Financial Condition, Liquidity and Capital Resources

This Partnership's primary source of cash for the nine months ended September 30, 2012 was operating activities, which include the sale of natural gas, NGLs and crude oil production, and the net realized gains from this Partnership's derivative positions. These sources of cash were primarily used to fund this Partnership's operating costs, direct costs-general and administrative and monthly distributions to the Investor Partners and the Managing General Partner. Any future withholdings would provide the funding for planned Wattenberg Field refracturing or recompletion costs to be incurred during 2013 and thereafter, and are expected to decrease distributions from historical levels.

Fluctuations in this Partnership's operating cash flows are substantially driven by changes in commodity prices, sales volumes, which can be impacted by high line pressures, and realized gains and losses from commodity contracts. Commodity prices have historically been volatile and the Managing General Partner attempts to manage this volatility through the use of derivatives. Therefore, the primary source of cash flows from operations becomes the net activity between natural gas, NGLs and crude oil sales and realized natural gas and crude oil derivative gains and losses. This Partnership does not engage in speculative positions, nor does this Partnership hold derivative instruments for 100% of this Partnership's expected future production from producing wells, and therefore may still experience significant fluctuations in cash flows from operations. As of September 30, 2012, this Partnership had natural gas derivative positions in place covering 79% of its expected natural gas production for the remainder of 2012 at an average price of $5.05 per Mcf. This Partnership has no NGL or crude oil derivatives. See Results of Operations for further discussion of the impact of prices and volumes on sales from operations and the impact of derivative activities on this Partnership's revenues.

This Partnership's future operations are expected to be conducted with available funds and revenues generated from natural gas, NGLs and crude oil production activities and commodity derivatives. Natural gas, NGLs and crude oil production from existing properties are generally expected to continue a gradual decline in the rate of production over the remaining life of the wells. Therefore, this Partnership anticipates a lower annual level of natural gas, NGLs and crude oil production and, in the absence of significant price increases or additional reserve development, lower revenues. This Partnership also expects cash flows from operations to decline if commodity prices remain at current levels or decrease in the future. Under these circumstances, decreased production would have a material adverse impact on this Partnership's operations and may result in reduced cash distributions to the Managing General Partner and Investor Partners through the remainder of 2012 and beyond, and may substantially reduce or restrict this Partnership's ability to participate in the additional development activities which are more fully described in Recent Developments−Additional Development Plan above.

Working Capital

At September 30, 2012, this Partnership had a working capital surplus of approximately $72,000 compared to a working capital surplus of approximately $71,000 at December 31, 2011. The increase of approximately $1,000 was primarily due to the following changes:

accounts receivable decreased by approximately $63,000 between September 30, 2012 and December 31, 2011;
realized and unrealized derivative gains receivable decreased by approximately $9,000 between September 30, 2012 and December 31, 2011; and
amounts due to Managing General Partner-other, net, excluding natural gas, NGLs and crude oil sales received from third parties and realized derivative gains, decreased by approximately $71,000 between September 30, 2012 and December 31, 2011.

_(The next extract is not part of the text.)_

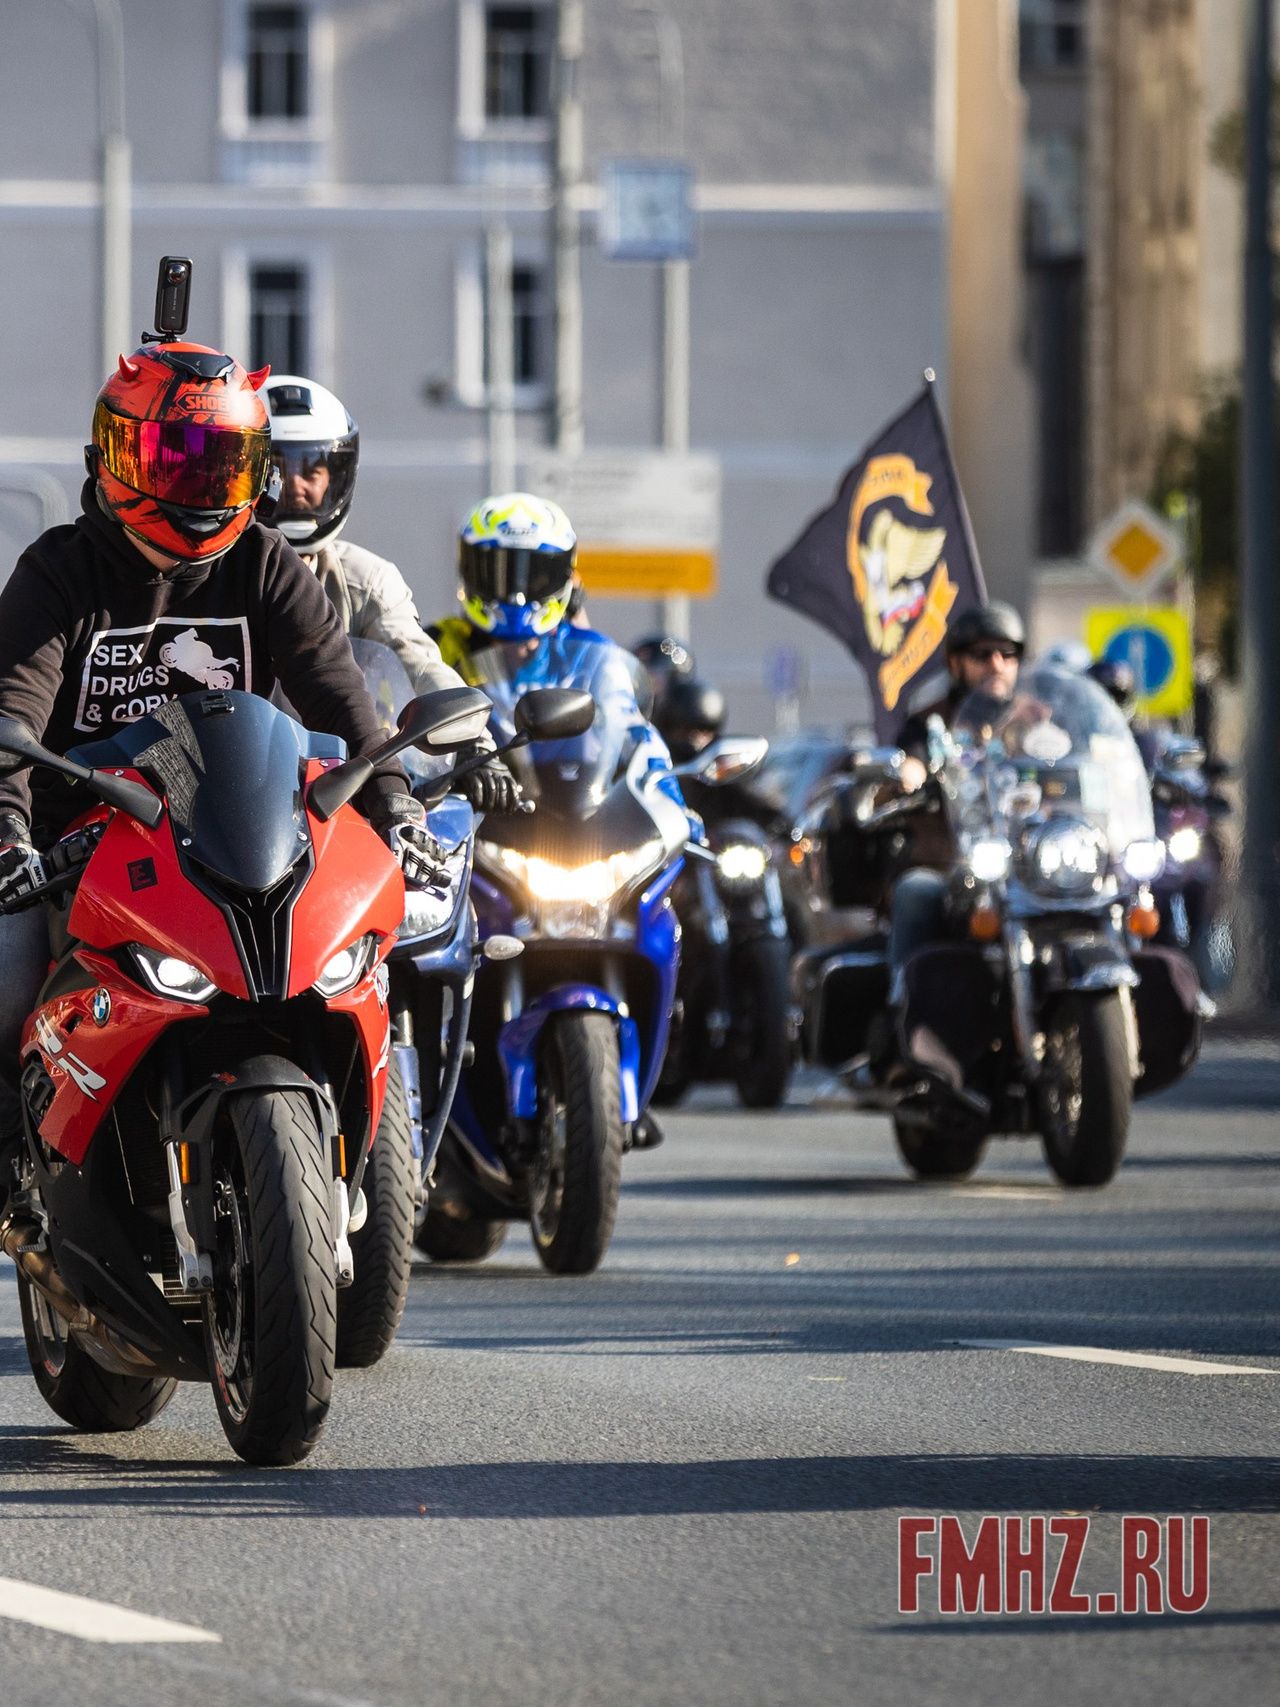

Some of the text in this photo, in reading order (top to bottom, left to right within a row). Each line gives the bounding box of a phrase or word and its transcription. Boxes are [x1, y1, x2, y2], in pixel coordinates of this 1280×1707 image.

Working capital is expected to increase during periods of Additional Development Plan funding and decrease during periods when payments are made for refracturing or recompletion activities.

Cash Flows

Operating Activities

This Partnership's cash flows from operating activities are primarily impacted by commodity prices, production volumes, realized gains and losses from derivative positions, operating costs and direct costs-general and administrative expenses. See Results of Operations above for an additional discussion of the key drivers of cash flows from operating activities.


-20-

PDC 2002-B LIMITED PARTNERSHIP
(A West Virginia Limited Partnership)


Net cash flows from operating activities were approximately $28,000 for the nine months ended September 30, 2012 compared to approximately $56,000 for the comparable period in 2011. The decrease of approximately $28,000 in cash provided by operating activities was due primarily to the following:

a decrease in natural gas, NGLs and crude oil sales receipts of approximately $198,000;
an increase in commodity price risk management realized gain receipts of approximately $70,000; and
a decrease in production costs and direct costs-general and administrative payments of approximately $100,000.

Investing Activities

From time to time, this Partnership invests in equipment which supports treatment, delivery and measurement of natural gas, NGLs and crude oil or environmental protection. These amounts were approximately $3,000 and $18,000 for the nine months ended September 30, 2012 and 2011, respectively.

Financing Activities

This Partnership initiated monthly cash distributions to investors in March 2003 and has distributed $9.5 million through September 30, 2012. The table below presents cash distributions to this Partnership's investors. Distributions to the Managing General Partner represent amounts distributed to the Managing General Partner for its 20% general partner interest in this Partnership and Investor Partner distributions include amounts distributed to Investor Partners for their 80% ownership share in this Partnership, as well as amounts distributed to the Managing General Partner for limited partnership units repurchased.
Distributions
 
 
 
 
 
 
 
Three months ended September 30,
 
Managing General Partner
 
Investor Partners
 
Total
2012
 
$
748

 
$
6,942

 
$
7,690

2011
 
1,021

 
9,406

 
10,427

 
 
 
 
 
 
 
Nine months ended September 30,
 
Managing General Partner
 
Investor Partners
 
Total
2012
 
$
2,550

 
$
23,005

 
$
25,555

2011
 
3,596

 
34,280

 
37,876


The decrease in total distributions for the three months ended September 30, 2012 as compared to 2011 is primarily due to the decrease in cash flows from operating activities during 2012, partially offset by a decrease in capital expenditures for natural gas and crude oil properties.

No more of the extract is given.